Par Nabyl Lahlou

Lorsqu’il m’arrivait de sortir de chez moi pour aller faire ma petite marche quotidienne, je tombais très souvent sur Danielle Essakali, inséparable de sa toute petite chienne Foly à qui elle offrait une balade entre la Place du Chili et le parvis de la Cathédrale en passant par la rue Henri Dunant.

La rue Henri Dunant a été débaptisée, il y a une quinzaine d’années, pour être rebaptisée du nom de Benchekroun. Mais à l’occasion de la visite du pape dans notre pays, le 30 mars 2019, la rue Benchekroun, qui longe la façade arrière de la Cathédrale, a été très vite rebaptisée du nom de son premier locataire Henri Dunant.

Les choses reviennent comme au temps du protectorat.

C’est dans la rue Henri Dunant rue où j’habite que je rencontrais Danielle Essakalli, toujours accompagnée de Foly.

Nous échangions rapidement des propos qui n’étaient jamais gratuits car nous avions toujours été, et ce depuis plus depuis 1972, des personnes à l’esprit critique. Parfois, nous nous trouvions sous le balcon du premier étage de l’immeuble où j’habite avec mon épouse la comédienne Sophia Hadi. Alors, je l’invitais à monter prendre un thé et à continuer notre discussion.

Nous parlions avec la même passion et rage qui nous animaient dans les années 70, moi en tant qu’homme de théâtre et cinéaste, elle, comme journaliste et personne impliquée dans les actions sociales. Nous parlions denotre pays et prenions son pouls pour mesurer le niveau de la liberté et du respect de la liberté d’expression.

Parfois, le souvenir de Larbi Essakalli planait au dessus de nos têtes. Alors, avec la dose nécessaire d’une douce et belle nostalgie, ainsi que celle du respect de la mémoire, je lui parlais de Larbi que j’avais connu à Paris quand j’avais une vingtaine d’années. Il a été un grand journaliste en avance par rapport à son temps. Sa droiture et son sens de l’honnêteté journalistique ne pouvaient lui permettre de cohabiter avec les médiocres.
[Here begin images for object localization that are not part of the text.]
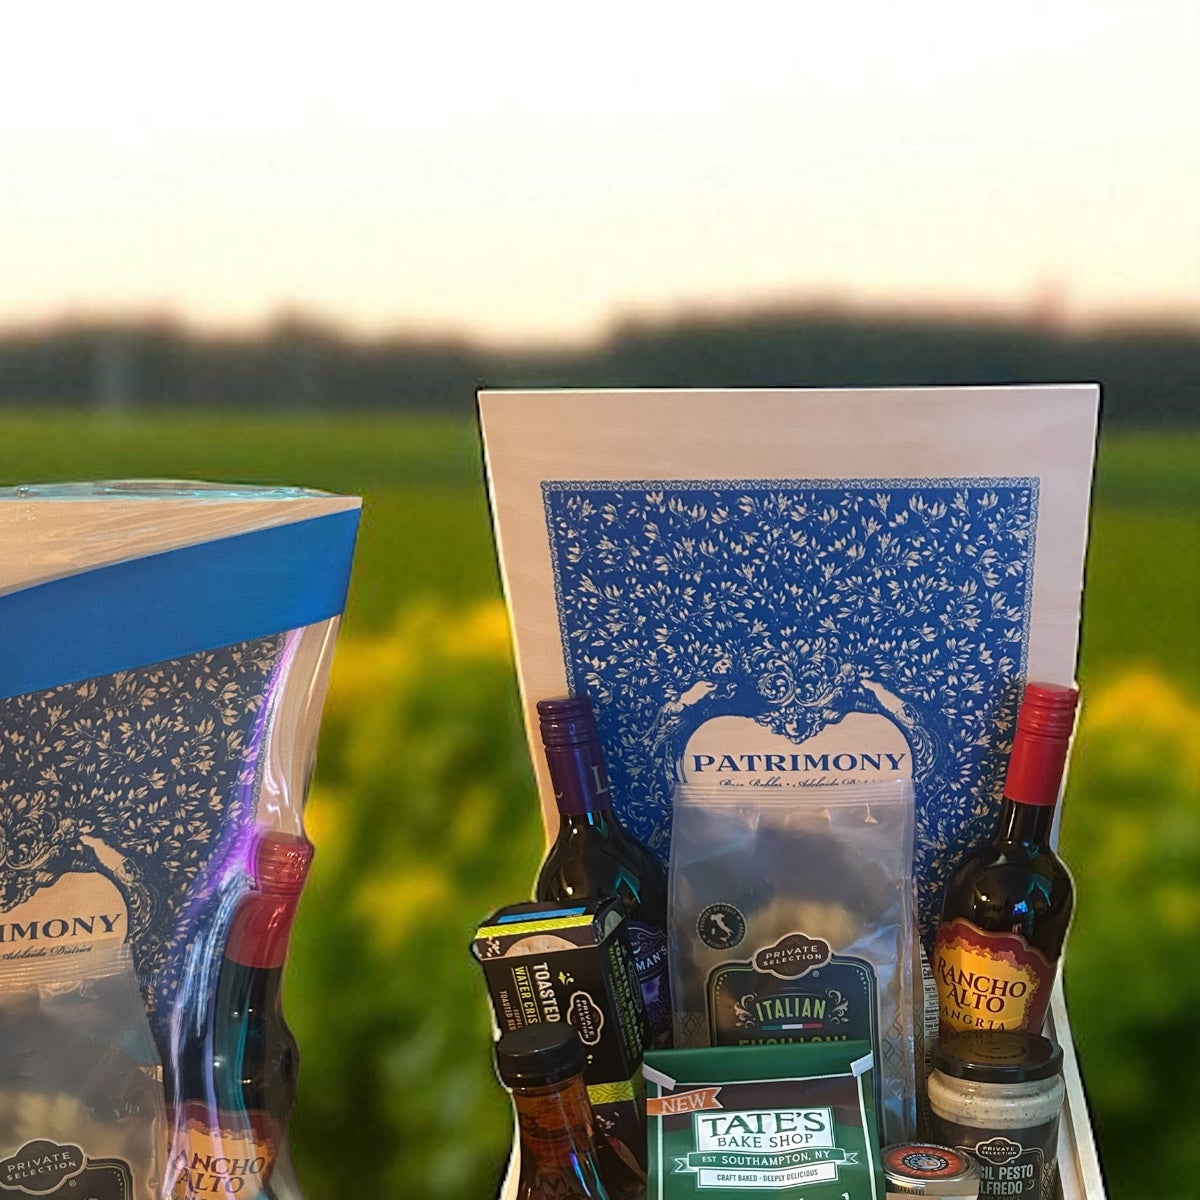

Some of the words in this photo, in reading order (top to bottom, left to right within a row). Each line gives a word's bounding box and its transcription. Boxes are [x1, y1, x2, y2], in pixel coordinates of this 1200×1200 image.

[692, 753, 906, 772] PATRIMONY
[763, 953, 823, 967] SELECTION
[766, 945, 819, 960] PRIVATE
[937, 956, 1027, 998] RANCHO
[514, 966, 532, 999] WATER
[523, 1000, 540, 1024] CRIS
[533, 962, 561, 1023] TOASTED
[946, 982, 1005, 1013] ALTO
[499, 990, 513, 1019] TOASTED
[755, 997, 827, 1022] ITALIAN
[581, 1000, 595, 1036] PRIVATE
[941, 1005, 1006, 1032] ANGRIA
[660, 1092, 707, 1114] NEW
[702, 1112, 826, 1138] TATE'S
[717, 1136, 762, 1148] BAKE
[769, 1133, 814, 1148] SHOP
[6, 1151, 72, 1173] PRIVATE
[172, 1148, 266, 1176] ANCHO
[722, 1152, 812, 1166] SOUTHAMPTON,
[815, 1150, 831, 1159] NY
[6, 1160, 77, 1182] SELECTION
[176, 1167, 245, 1195] ALTO
[716, 1174, 737, 1182] CRAFT
[738, 1173, 759, 1182] BAKED
[763, 1173, 786, 1182] DEEPLY
[786, 1168, 819, 1181] DELICIOUS
[979, 1166, 995, 1180] SIL
[999, 1164, 1034, 1180] PESTO
[980, 1181, 1023, 1196] LFREDO
Danielle en sait plus que moi à ce sujet, elle qui a été aussi journaliste.

En 1973, quand je fus méchamment saboté par monpropre collaborateur et des bureaucrates français,relevant du Service Culturel de l’ambassade de France à Rabat, Danielle Essakalli m’ouvrit les colonnes de Maroc Soir et j’ai pu m’exprimer librement dans une très longue interview qui prenait plus de la moitié d’une page. J’ai pu parler de la vision que j’avais du spectacle Que Molière pour lequel j’avais choisi Abdallah Stouky pour le choix des extraits de quelques pièces de Molière, et Farid Belkahia pour la scénographie.
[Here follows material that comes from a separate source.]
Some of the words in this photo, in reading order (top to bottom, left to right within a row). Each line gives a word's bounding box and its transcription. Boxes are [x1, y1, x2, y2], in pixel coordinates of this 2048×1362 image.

Parfois, alors que nous bavardions sous le balcon, Danielle demandait à voir Sophia et montait la saluer.Elles s’entendaient très bien.

Malgré le temps qui passe si vite, je pensais toujours qu’en sortant faire ma petite marche quotidienne,j’allais tomber sur Danielle et Foly. Rien. Pas de Danielle. Pas de Foly. Ni à la place du Chili, ni dans la rue Henri Dunant, ni dans la rue Abou Inane Marini où elle habitait à une quarantaine de mètres de l’Institut français de Rabat.

Qui pouvait penser, moi qui pensais la revoir pendant ma promenade quotidienne , qu’elle était, depuis plusieurs semaines, à la Maison de retraite de Rabat.Impossible pour moi de l’imaginer à la Maison de retraite car Danielle n’était ni vieille ni vieillissante ni malade ; elle se portait très bien et était pétillante de vie.Avec la venue du confinement, il était quasiment impossible de lui rendre visite.

Aucune nouvelle de Danielle Essakalli pendant plus de trois mois, jusqu’au soir du mercredi 27 mai quand Sophia reçut un message lui annonçant son décès
Aujourd’hui, au cimetière musulman qui se trouve derrière Marjane à Hay Riad, Danielle a été enterrée en présence de son fils Othmane Essakali et quelques amis, dont Sophia Hadi et Fouad Bellamine.

Très bonne nuit, Danielle. Dors bien.